Musumeci, Cancelleri, Micari, non credete ai sondaggi, ciò che conta per la vittoria è…

I sondaggi preelettorali fatti in questo momento sono come i distinti saluti: totalmente inutili. Lo sanno, ovviamente, anche quelli che li fanno. Specie nelle tornate amministrative, dove il peso specifico delle liste è preponderante sulla semplice – e talvolta neanche tanto sincera – espressione dell’intenzione di voto.

Il vantaggio sinora attribuito a Nello Musumeci su Giancarlo Cancelleri è fittizio. Ed è troppo esperto il re della destra catanese per farsi illusioni. Intanto, però, serve ad attivare quel minimo di propaganda utile a incoraggiare le truppe in vista di questa sfida a tre il cui esito è assai più incerto di quanto non appaia.

La prima considerazione riguarda proprio Musumeci: quanto potrà incidere il suo consenso personale, quello cioè che prescinde dal trascinamento delle liste? Perché non è scontato che i partiti che lo accompagnano siano in grado di andare oltre il 20%. Oltre Forza Italia, chi è in grado di andare oltre la doppia cifra? Per vincere sarà necessario, secondo le previsioni, superare la suddetta quota di almeno 10 punti. È questa la dote che Musumeci pensa di possedere?

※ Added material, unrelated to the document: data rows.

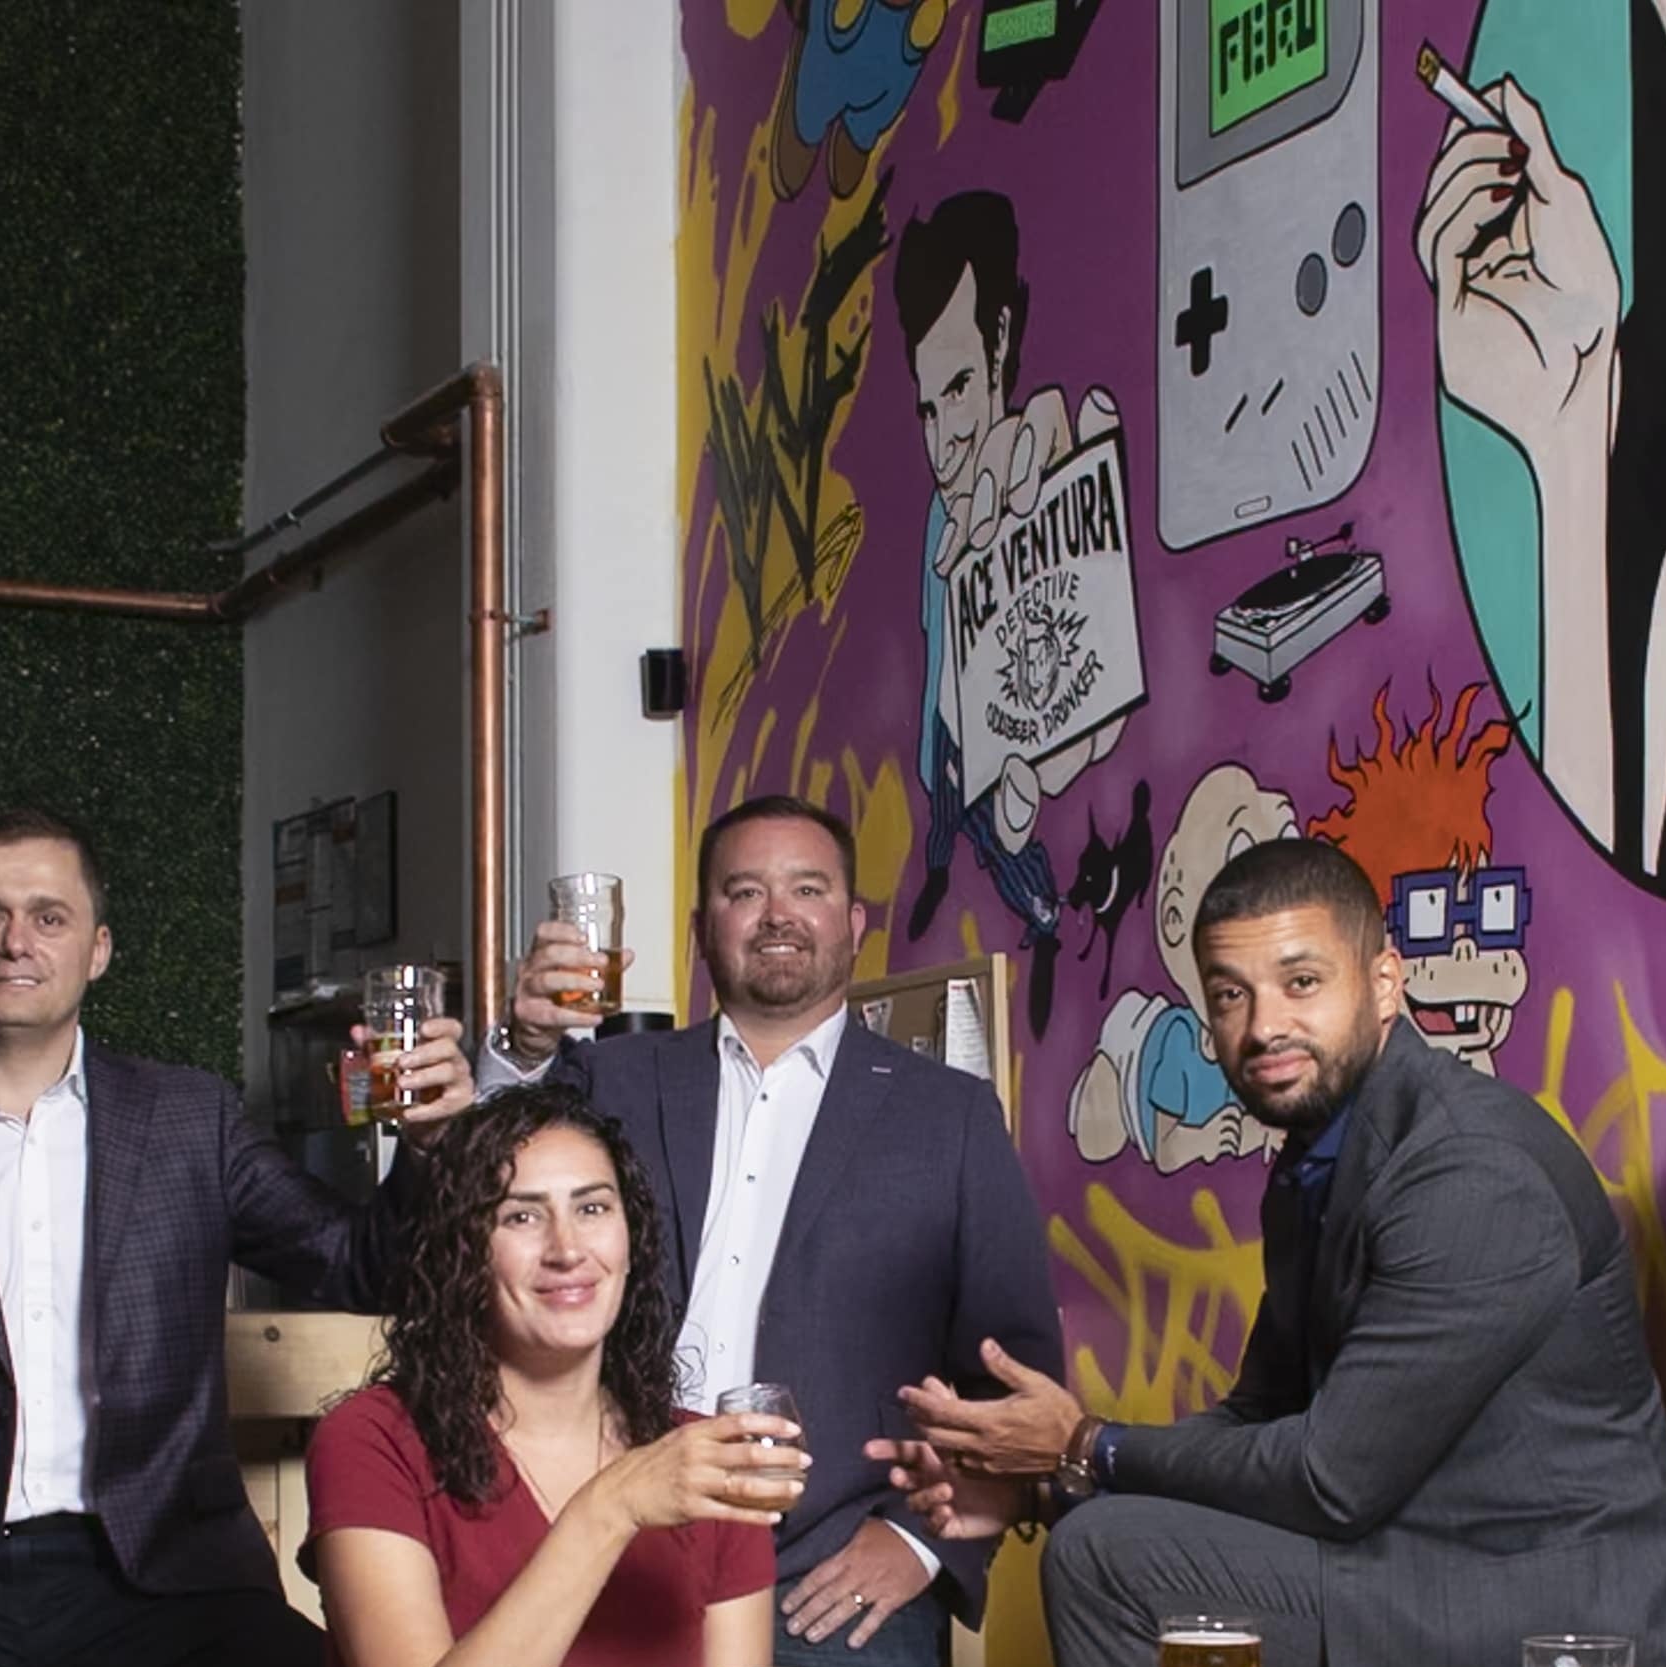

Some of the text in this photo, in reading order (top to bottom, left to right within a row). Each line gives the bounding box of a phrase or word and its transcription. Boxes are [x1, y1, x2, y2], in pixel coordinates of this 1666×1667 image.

[959, 459, 1123, 674] ACE VENTURA
[995, 573, 1081, 649] DETECTIVE
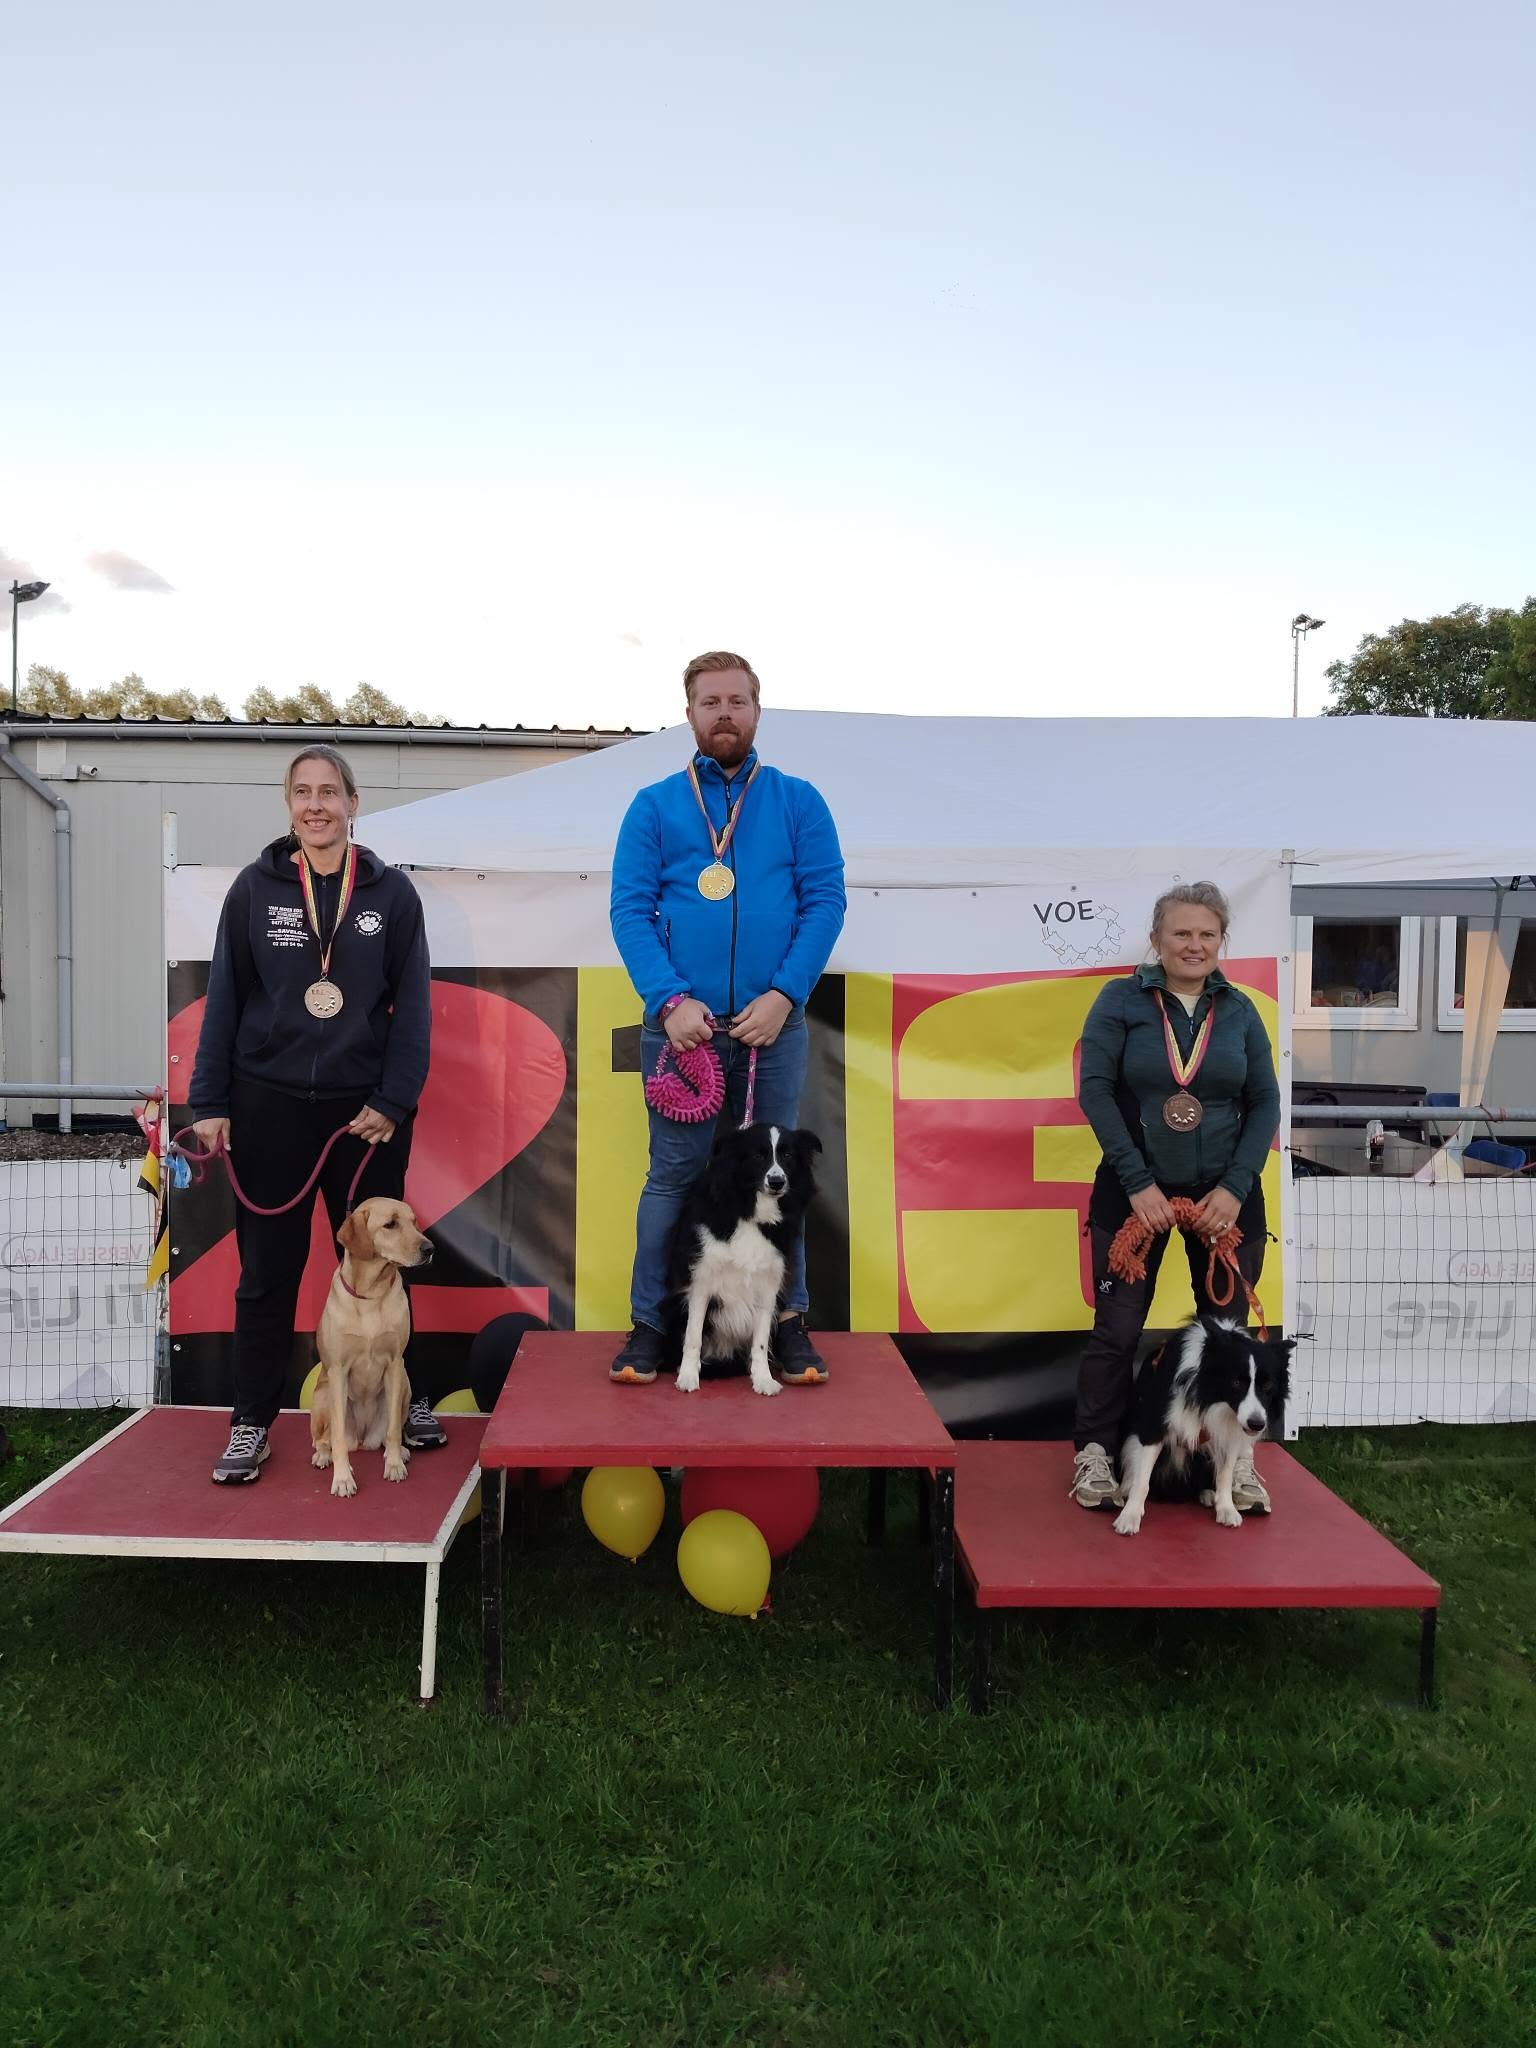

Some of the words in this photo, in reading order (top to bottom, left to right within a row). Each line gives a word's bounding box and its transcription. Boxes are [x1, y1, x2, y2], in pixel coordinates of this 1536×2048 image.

[1033, 899, 1095, 924] VOE
[168, 978, 568, 1335] 2
[898, 974, 1283, 1333] 3

La seconda considerazione è sui Cinquestelle. Giancarlo Cancelleri ha ragione, a loro non basterà vincere, dovranno stravincere. Perché la vittoria di misura, numeri alla mano, non gli consentirebbe di governare, stante che nel dna del Movimento non è leggibile la possibilità di alleanze (e poi con chi?). Senza un successo largo, diventa tutto molto complicato. Altro che modello Appendino, quella che si rischia è l’ingovernabilità assoluta.

Terza considerazione dedicata a Fabrizio Micari. È meno debole di quanto non lo si faccia apparire perché la forza delle liste compenserà quel deficit di popolarità che il rettore dell’Università di Palermo accusa al di fuori della sua giurisdizione. Nel Pd c’è una vera e propria chiamata alle armi, tutte le anime del partito sono presenti con i leader o loro derivati. Sulla capacità di Leoluca Orlando nel predisporre la lista non è lecito dubitare. E Salvatore Cardinale sta catalizzando con Sicilia Futura le forze di centro moderato. Ma la vera sorpresa potrebbe essere Ap. Angelino Alfano lavora sottotraccia, il danno che potrebbe subire dalla non troppo fragorosa ondata di abbandoni sono relativi e paraltro ampiamente compensata dalla eventuale presenza degli uomini di Giampiero D’Alia. Soprattutto a Palermo i rumors danno sul punto di nascere una super lista in grado di garantire un risultato ben al di sopra dello sbarramento.

Anche volendo considerare gli attuali sondaggi la testimonianza di una linea di tendenza, il vantaggio di Musumeci non è tale da considerare chiusa la rimonta di Cancelleri e Micari.

Resta da capire quanto Claudio Fava con la sinistra sinistra riuscirà ad erodere ai dem e quanta altra fetta di voto porteranno a casa  i Siciliani Liberi – i più attivi sul fronte dell’indipendentismo – e gli altri candidati minori (il cui primo scoglio da superare è la raccolta delle firme). E tra questi, Vittorio Sgarbi che sta provando, leggi alla mano attraverso il Mir di Samorì, ad eludere tale problema e che potrebbe rappresentare più di un fastidio per Musumeci: pesca nella stessa area e in quanto a riconoscibilità non è secondo a nessuno.